Make Holiday Cooking Healthier with Tips from TOPS

Published: Monday, December 24, 2012 at 11:12 AM.

Pie, mashed potatoes, cookies, and carved ham – these are just a few of the popular seasonal dishes we tend to consume more of during the holidays. According to Katie Ferraro, M.P.H., R.D., C.D.E., nutrition expert for TOPS Club, Inc. (Take Off Pounds Sensibly), the nonprofit weight-loss support organization, the holidays don’t have to sabotage your healthy meal planning.

“Use parties and family get-togethers as an opportunity to try out new, healthy recipes and incorporate several of the following tips into your upcoming celebrations,” says Ferraro. “Special holiday recipes prepared healthier with simple substitutions can add nutrition and won’t break the calorie bank.”

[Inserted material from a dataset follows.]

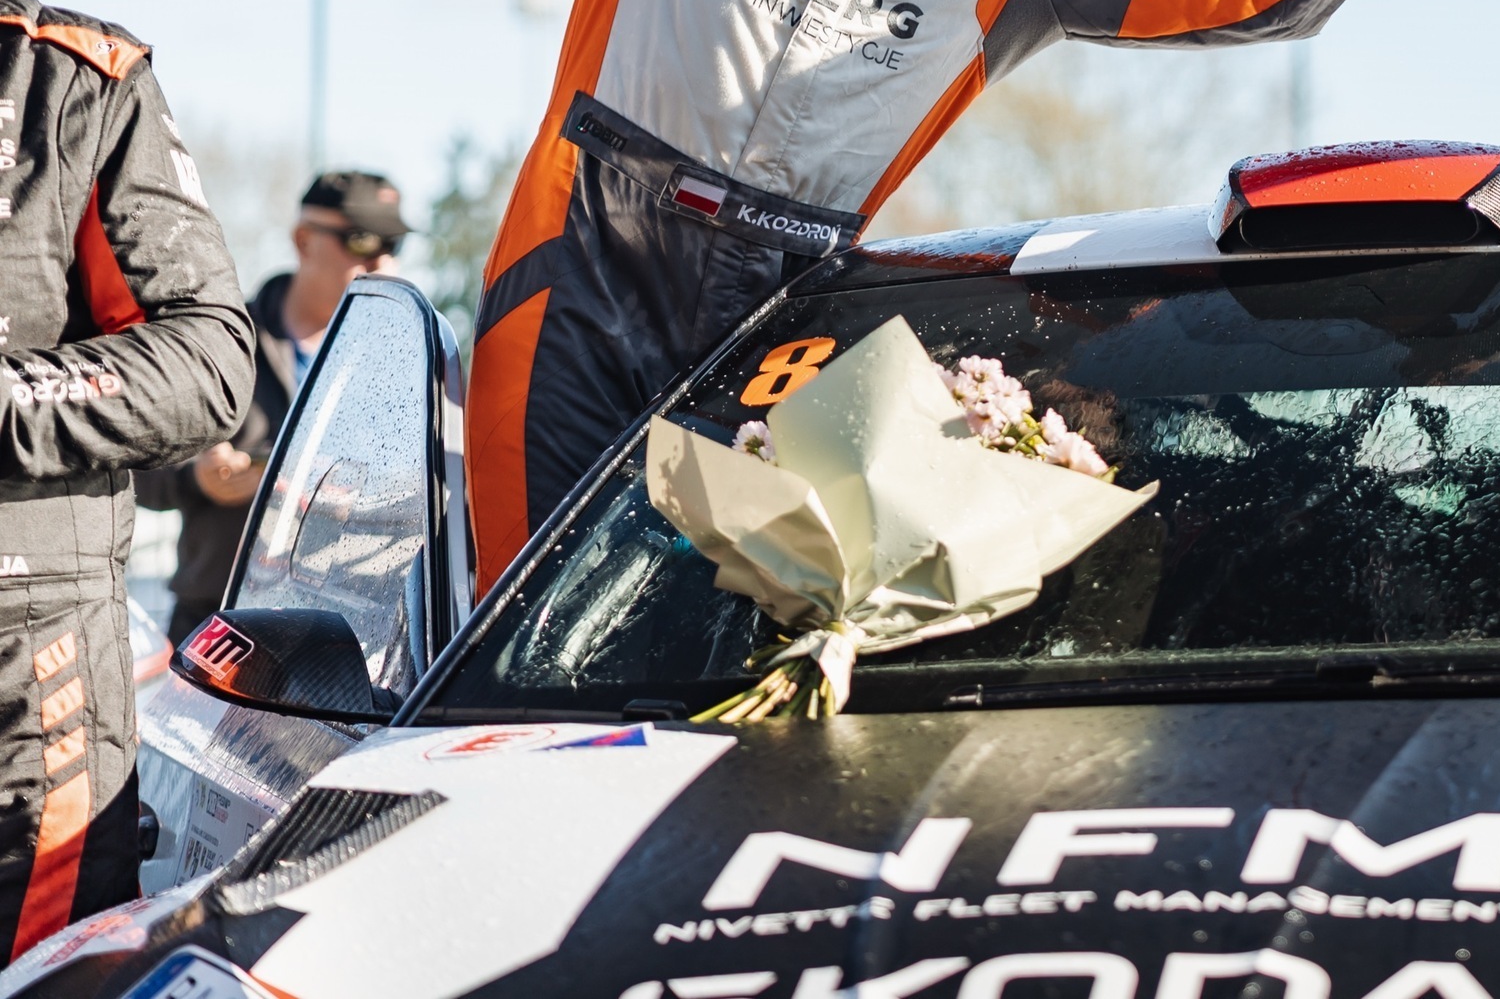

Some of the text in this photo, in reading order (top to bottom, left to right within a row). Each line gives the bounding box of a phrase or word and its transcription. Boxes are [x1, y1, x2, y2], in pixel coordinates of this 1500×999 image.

[740, 336, 837, 408] 8
[653, 895, 895, 945] NIVETTE
[913, 889, 1098, 922] FLEET

Mash cauliflower instead of potatoes

One cup of mashed potatoes made with skim milk and no butter has 150 calories, while one cup of mashed cauliflower made with skim milk and no butter has one third of the calories, according to the U.S. Department of Agriculture (USDA) – and tastes nearly identical. For the pickiest eaters, mix half mashed cauliflower, half mashed potato. “Add fresh herbs in place of salt for zesty flavor,” notes Ferraro.

Unsweetened applesauce instead of sugar, oil, or butter

Cut calories in baked goods while providing a hint of sweetness with this substitute. According to the USDA, a cup of sugar contains 775 calories, while a cup of unsweetened applesauce contains only about 100 calories.